Below is a set of records, and all of them should be retyped exactly, minus the pictures.
━━━ Data to process ━━━
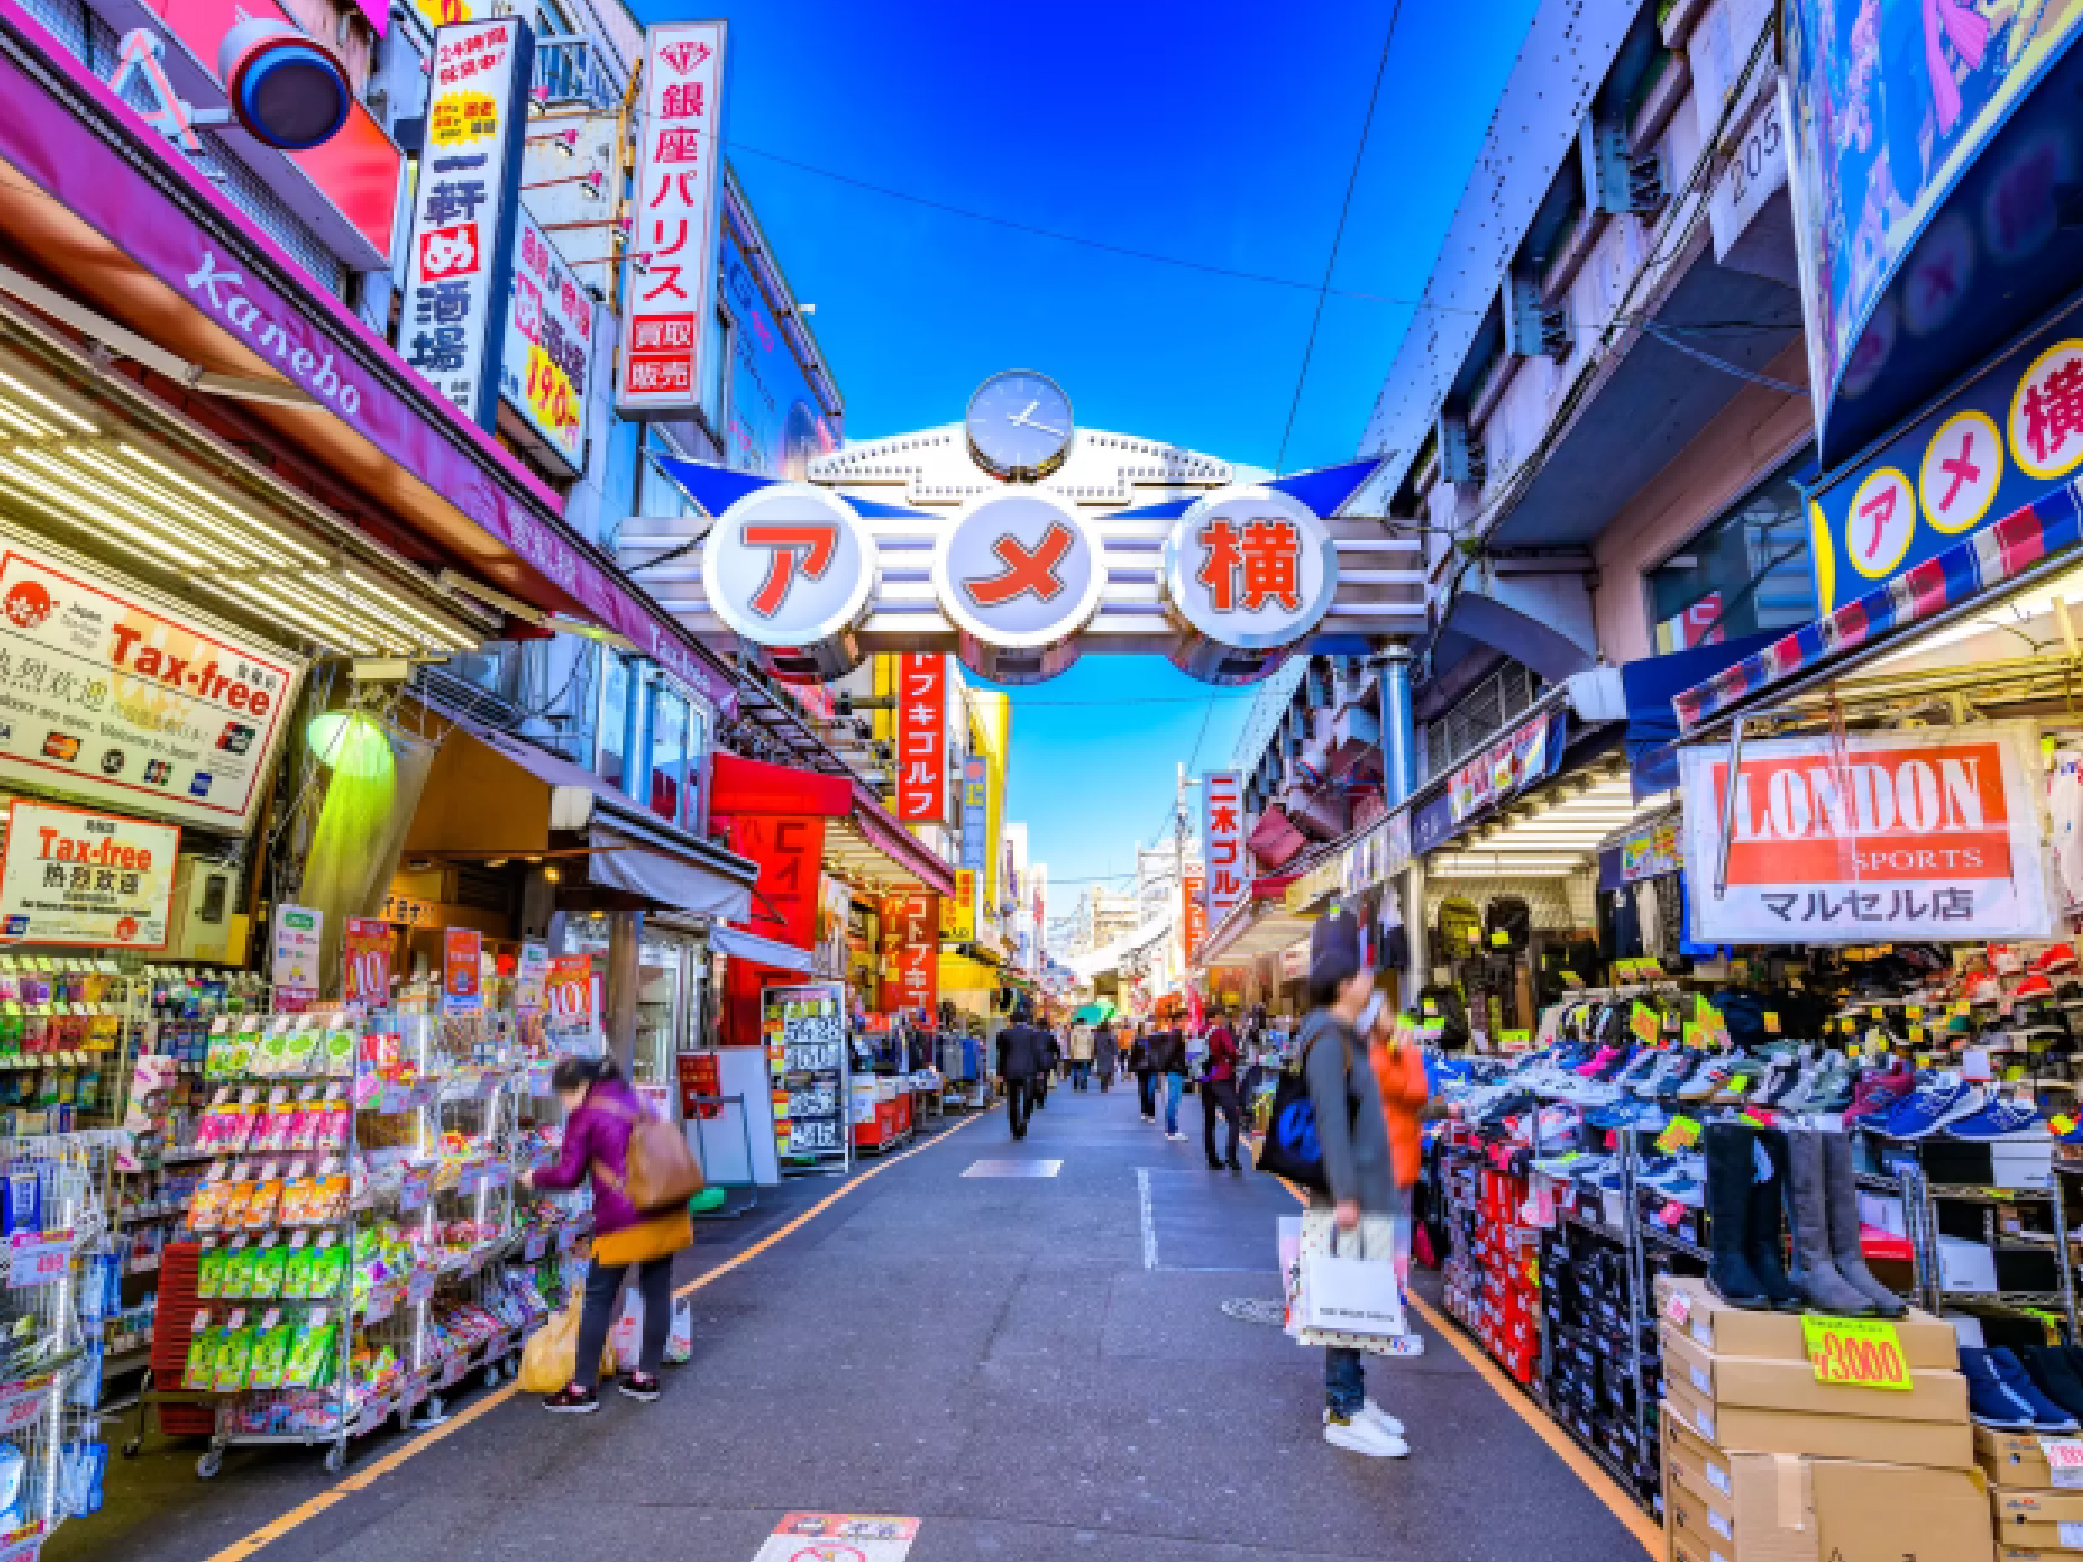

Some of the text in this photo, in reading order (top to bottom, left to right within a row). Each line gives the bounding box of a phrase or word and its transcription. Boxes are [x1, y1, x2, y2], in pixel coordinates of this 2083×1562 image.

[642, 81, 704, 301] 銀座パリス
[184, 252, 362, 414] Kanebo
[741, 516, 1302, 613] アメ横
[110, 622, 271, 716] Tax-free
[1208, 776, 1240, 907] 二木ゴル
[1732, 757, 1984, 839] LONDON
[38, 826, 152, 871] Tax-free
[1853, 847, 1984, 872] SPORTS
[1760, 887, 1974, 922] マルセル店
━━━
__Solution to the exercise__
Some of the text in this photo, in reading order (top to bottom, left to right within a row). Each line gives the bounding box of a phrase or word and its transcription. Boxes are [x1, y1, x2, y2], in pixel coordinates of this 2083×1562 image.

[642, 81, 704, 301] 銀座パリス
[184, 252, 362, 414] Kanebo
[741, 516, 1302, 613] アメ横
[110, 622, 271, 716] Tax-free
[1208, 776, 1240, 907] 二木ゴル
[1732, 757, 1984, 839] LONDON
[38, 826, 152, 871] Tax-free
[1853, 847, 1984, 872] SPORTS
[1760, 887, 1974, 922] マルセル店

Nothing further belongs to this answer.